Given the matrix equation $PD=C^TF^T$ where $P$ is positive definite and $F$ can be set arbitrarily. Matrices $C$ and $D$ are of full rank. Prove that $\operatorname{rank}(CD) = \operatorname{rank}(D)$ is a sufficient existence condition for the solvability of the matrix equation above.
So far I have only been able to prove that $\operatorname{rank}(CD) = \operatorname{rank}(D)$ is a necessary existence condition. This problem is related to a field in control theory. The above condition represents one of the existence conditions of a so called sliding mode observer.

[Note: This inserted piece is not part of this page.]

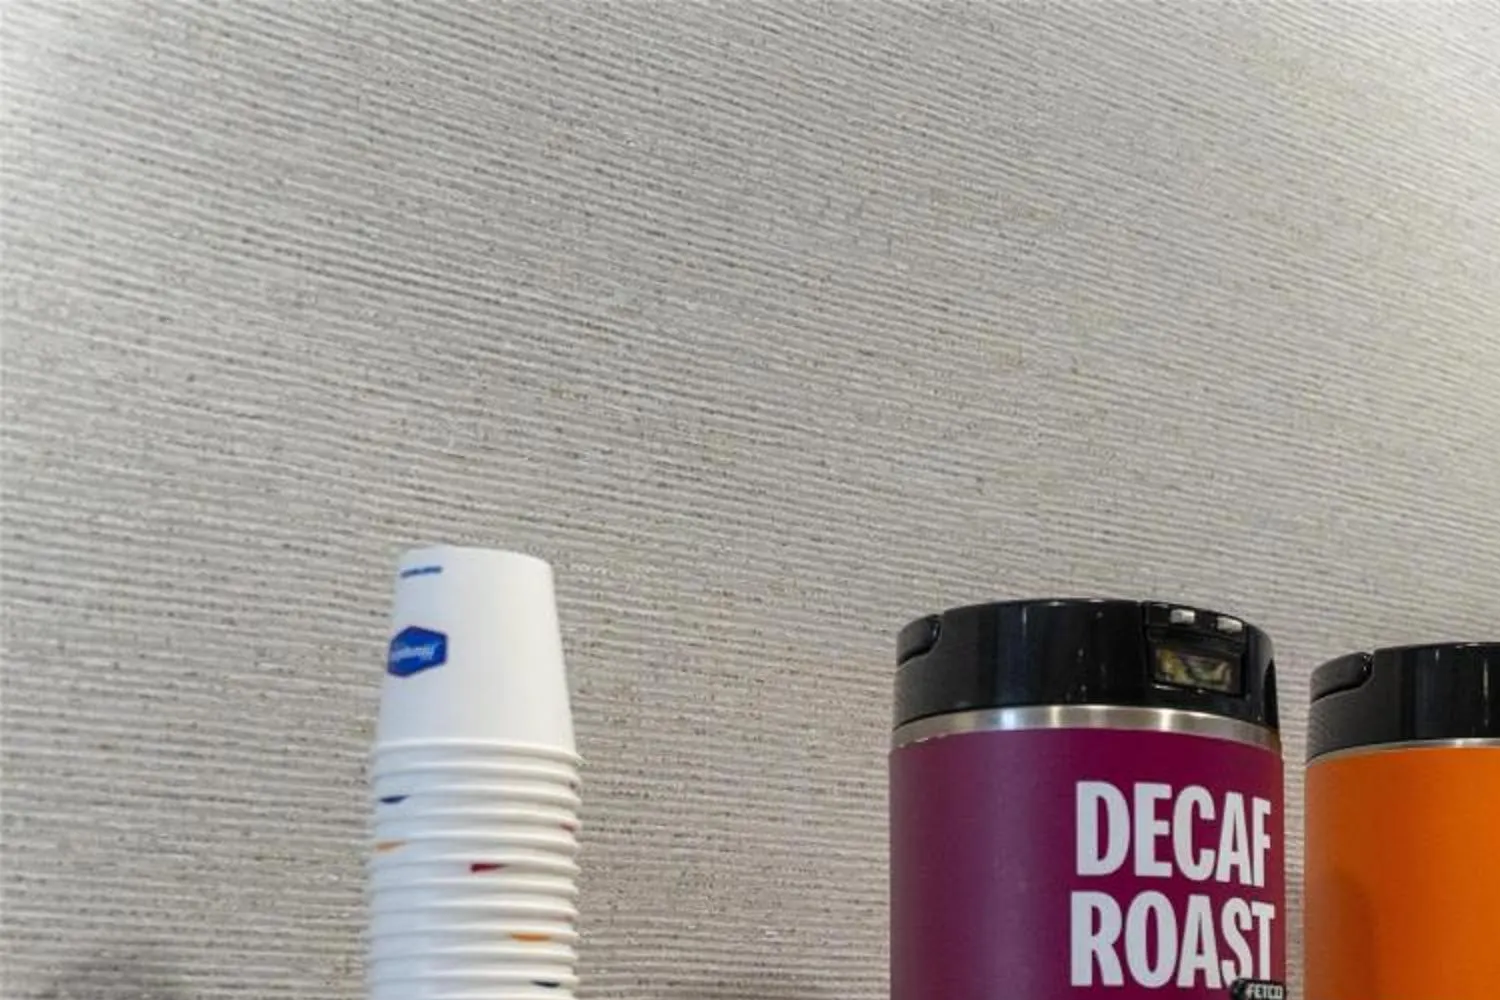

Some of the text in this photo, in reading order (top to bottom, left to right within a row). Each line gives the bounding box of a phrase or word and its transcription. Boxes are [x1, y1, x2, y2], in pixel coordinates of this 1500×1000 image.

[1076, 781, 1271, 887] DECAF
[1070, 890, 1276, 988] ROAST
[1246, 983, 1283, 1000] FETCO

There are still some things about your question which seem odd.
If $C$ is an $n\times m$ matrix, then $D$ has to be $m \times k$ for some $k$ in order for $CD$ to be defined. Saying that $C$ and $D$ are full-rank means $\operatorname{rank}(C) = n$ and $\operatorname{rank}(D) = m$.
But $C$ being full-rank also means that for any $n$-vector $w$, there must be an $m$-vector $v$ such that that $Cv = w$. And $D$ being full-rank means there must be a $k$-vector $u$ such that $Du = v$ and so $CDu = w$. Since $CD$ is surjective, it is also full-rank, and hence $\operatorname{rank}(CD) = n$. Therefore your condition that $\operatorname{rank}(CD) = \operatorname{rank}(D)$ requires $m = n$ and therefore $C$ is a square matrix.
As a full-rank square matrix, $C$ is invertible. Thus $$F = D^TP^TC^{-1}$$ is your solution.
The only thing the rank condition is required for here is to show that $C$ is a square matrix. And in fact, when $C$ is a full-rank square matrix, and $D$ is also full-rank matrix, $\operatorname{rank}(CD) = \operatorname{rank}(D)$ must be true.
Since we generally know what the dimensions of the matrices we are working with are, $\operatorname{rank}(CD) = \operatorname{rank}(D)$ seems like an awfully convoluted way of checking that $C$ is square.